Quedé mudo ante su respuesta. No sabía qué responder a algo así.

—Me gustaría confirmar tu asistencia a una cita en el museo de Vida Marina en Lostlive, van a contarlo todo sobre los tiburones —por su diversión, deduje que era parte de una broma.

—Llevo esperando esa cita desde que supe que existía, hace unos segundos —sonreí, aunque ella no pudiera verme.

—Poético —comentó, en una risa—. ¿Eres el único despierto?

—Sí, mis padres y la abuela están durmiendo todavía. Mamá se levanta a las seis, papá a las ocho y la abuela a las once —conté, mirando las baldosas del porche.

—Mi padre ya se ha ido y Allison ni siquiera se va a levantar para ir a clase, así que estamos igual.

Guardé silencio unos segundos.

—Burst, ¿dónde estás?

—En el porche de mi casa, ¿por qué?

—¿Puedo ir? Será solo unos minutos. Quiero... Más bien, necesito verte.

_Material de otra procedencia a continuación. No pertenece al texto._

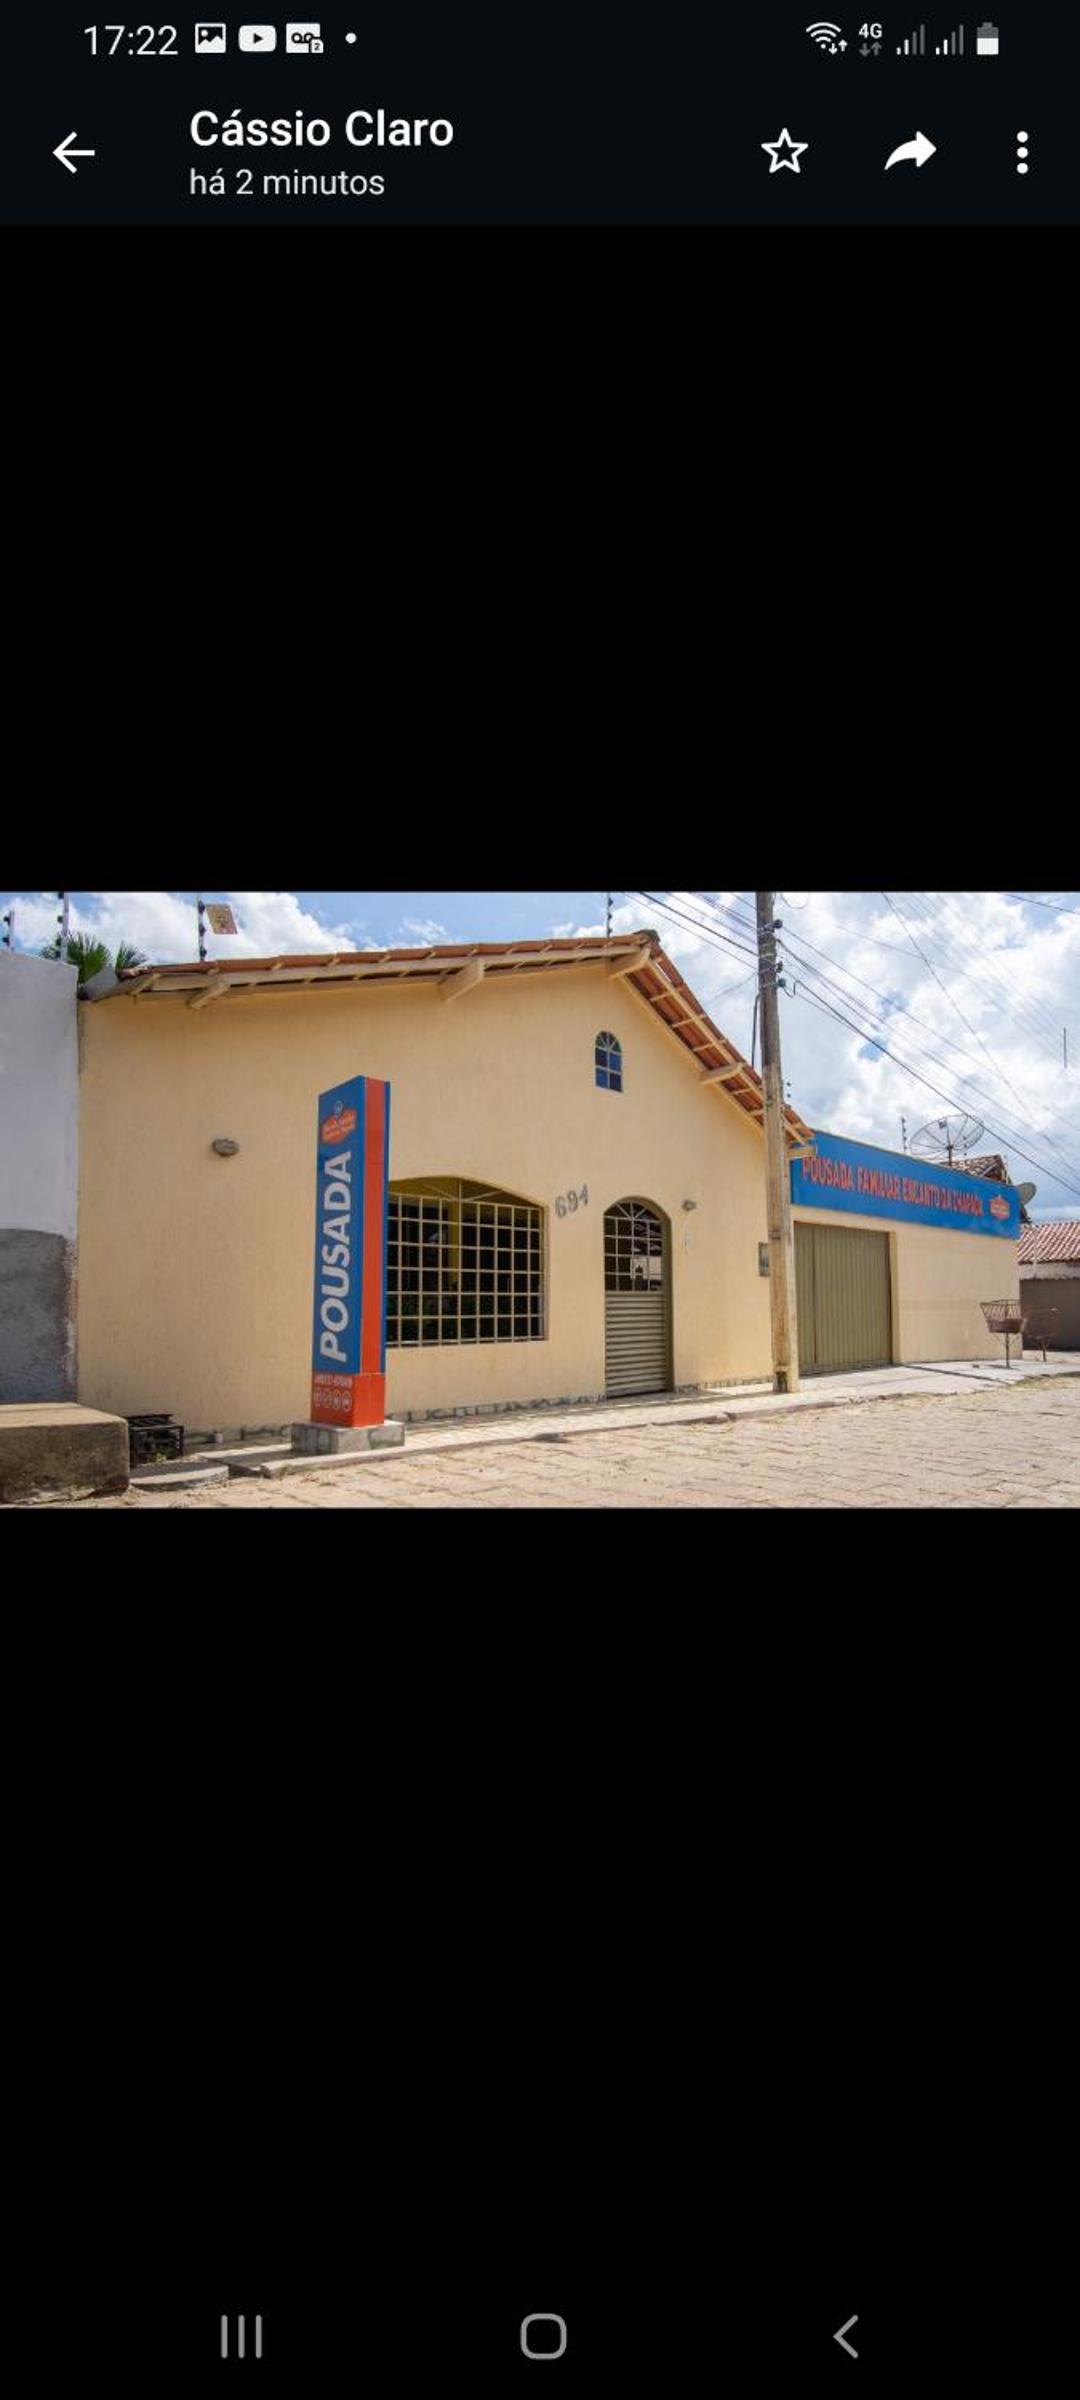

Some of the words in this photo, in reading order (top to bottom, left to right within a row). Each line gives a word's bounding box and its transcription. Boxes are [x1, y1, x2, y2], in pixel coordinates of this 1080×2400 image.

[802, 1154, 854, 1191] POUSADA
[857, 1167, 899, 1200] FAMILIAR
[903, 1177, 940, 1208] ENCANTO
[320, 1151, 353, 1362] POUSADA

—Claro, sí —parpadeé rápido, analizando sus palabras—. ¿Sabes venir desde tu casa?

—No estoy en casa —admitió en un suspiro—. Estoy en un parque, cerca de la estación de autobuses. Creo que podré llegar sin desmayarme.

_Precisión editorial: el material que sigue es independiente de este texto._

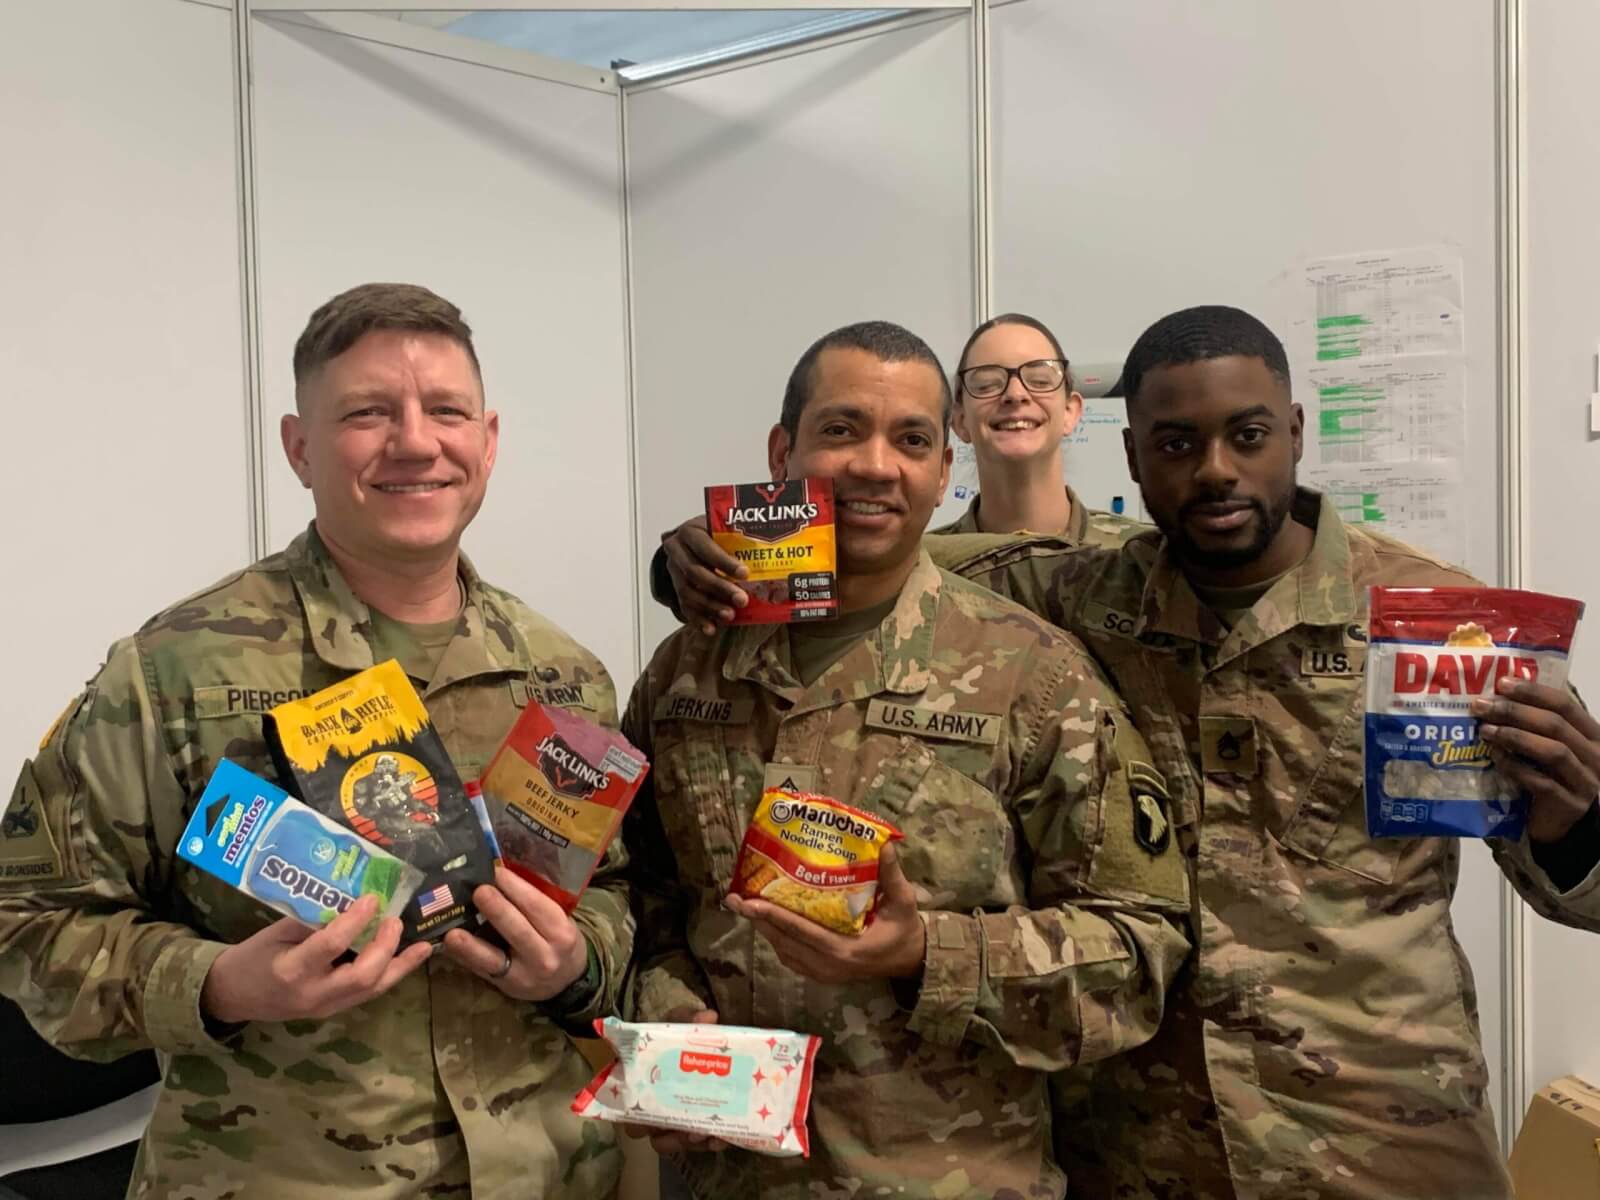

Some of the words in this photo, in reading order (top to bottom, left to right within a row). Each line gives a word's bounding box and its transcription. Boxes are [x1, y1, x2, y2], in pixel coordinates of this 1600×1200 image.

[726, 507, 767, 525] JACK
[736, 548, 774, 561] SWEET
[775, 547, 784, 559] &
[787, 546, 813, 558] HOT
[794, 577, 809, 589] 6g
[795, 591, 810, 600] 50
[1312, 652, 1352, 672] U.S.
[1394, 652, 1538, 695] DAVID
[300, 714, 341, 738] BLACK
[354, 695, 394, 720] RIFLE
[666, 698, 733, 720] JERKINS
[881, 706, 918, 729] U.S.
[926, 713, 988, 737] ARMY
[1404, 724, 1475, 740] ORIGI
[536, 736, 569, 769] JACK
[1432, 740, 1489, 765] Jumb
[525, 779, 548, 801] BEEF
[548, 795, 581, 819] JERKY
[525, 797, 562, 826] ORIGINAL
[223, 795, 266, 865] mentos
[791, 803, 876, 841] Maruchan
[800, 823, 844, 844] Ramen
[780, 828, 825, 851] Noodle
[827, 843, 857, 862] Soup
[795, 864, 827, 884] Beef

—¿Desmayarte? ¿Estás bien, Allen? ¿Qué ha pasado?

Miles de ideas horribles me llegaron a la cabeza, causándome un dolor emocional más grande que el físico.

—No ha... pasado nada —murmuró. Noté el dolor, la molestia—. Llego en unos cinco minutos. Espérame, ¿vale?

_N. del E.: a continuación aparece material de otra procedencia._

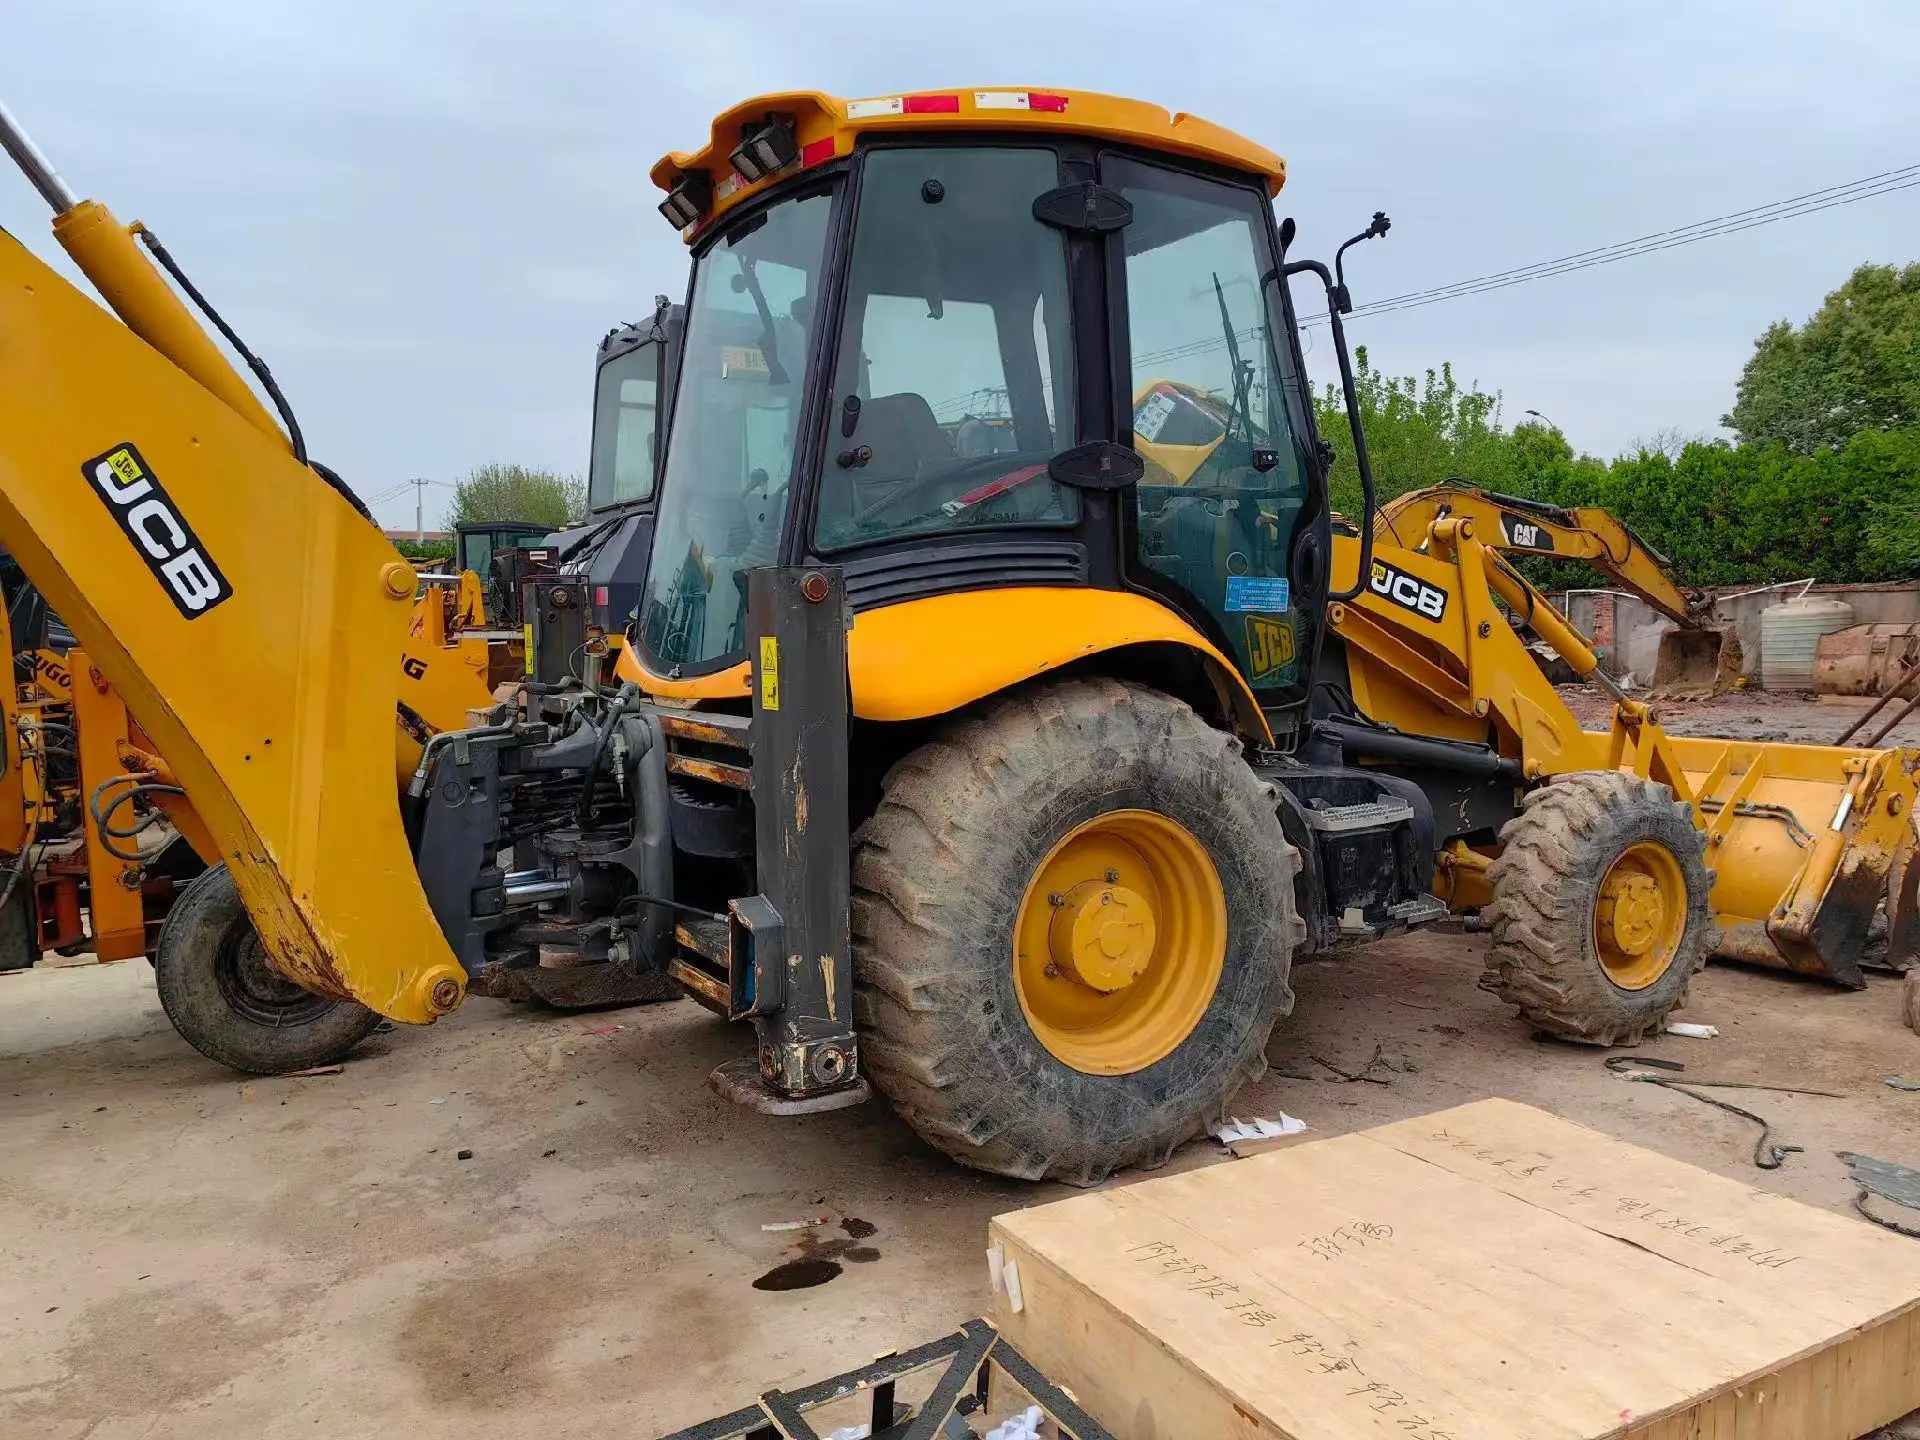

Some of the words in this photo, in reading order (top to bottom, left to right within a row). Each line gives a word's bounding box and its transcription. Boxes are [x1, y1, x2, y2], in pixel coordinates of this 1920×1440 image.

[115, 457, 136, 479] JCB
[95, 460, 221, 611] JCB
[1513, 523, 1539, 547] CAT
[1371, 569, 1444, 618] JCB
[401, 652, 428, 681] G
[1252, 622, 1293, 673] JCB

No pude decir nada, ya había colgado. Esperé esos cinco minutos, que se hicieron eternos, entre preocupación y miedo. ¿Qué le había pasado a Allen para sonar así de débil? Cuando estuve al borde de perder la cordura por la espera interminable, la vi. Se agarraba el brazo izquierdo con el derecho y la sangre bajaba por su frente. Su expresión me caló los huesos, me partió el alma.

—¡Allen!

Lo que más me hubiera gustado en ese momento habría sido correr hacia ella, abrazarla, darle seguridad mediante el contacto físico.

—Tranquilo, estoy bien -forzó una sonrisa.

—¿Qué te ha pasado? ¿Estás bien? ¿Te duele mucho? —deslicé las manos por los aros, acercándome a ella.

—Estoy bien —repitió en un susurro. Parecía que iba a caerse en cualquier instante—. Deberías ver a los otros.

Se inclinó hacia mí, aún sonriendo.

—¿Te has metido en una pelea? —agarré sus mejillas entre mis manos temblorosas.

—No, te volví a prometer que no lo haría.

—¿Entonces...?

—Fue defensa propia —aseguró—. Eran cuatro, he hecho lo que he podido.

—Vamos dentro —pedí, aunque sonó más a una orden.

Dejé que fuera ella delante hasta la puerta, cuando me dijo que no podía seguir en pie. La ayudé -con mi escasa fuerza durante aquella situación- a sentarse en mi regazo. Entramos en el salón y la empujé con suavidad hacia el sofá para sentarla.

—No te preocupes, cariño, estoy perfectamente...

—Voy a por el botiquín, no te muevas.

El ruido de las ruedas pasando por la madera del pasillo, unido a nuestras voces y la puerta al cerrarse habían despertado a mamá, que salió en camisón. Llegué cuando estaba sentada junto a ella, sujetándola las manos.

—Oh, Dios mío —susurró mamá—. ¿Qué te ha pasado, preciosa?

—No es nada, Janet, solo un rasguño.

—No, bonita, eso no es un rasguño —su tono se volvió más el de una madre protectora—. ¿Quién te ha hecho esto?

—Unos gorilas de mi curso —confesó—. Pero me he encargado de todos, no he sido la que peor ha acabado.

—Ay, Allen —suspiró mamá, abrazándola por los hombros—. Estoy encantada de que estés con mi hijo y acepto con gusto cualquier relación que tengáis.

—Gracias, Janet, me hace muy feliz escucharte decir eso —su voz, vulnerable, y sus ojos, cerrándose poco a poco... Me hacía el corazón pedazos.

Le entregué el botiquín a mamá, que me ordenó dárselo. Me miró, seria, como si estuviera preparada para proteger a su nuevo polluelo.

—Allen, quítate la camiseta —mandó—. Y tú, Burst, vete a tu habitación hasta que te avise.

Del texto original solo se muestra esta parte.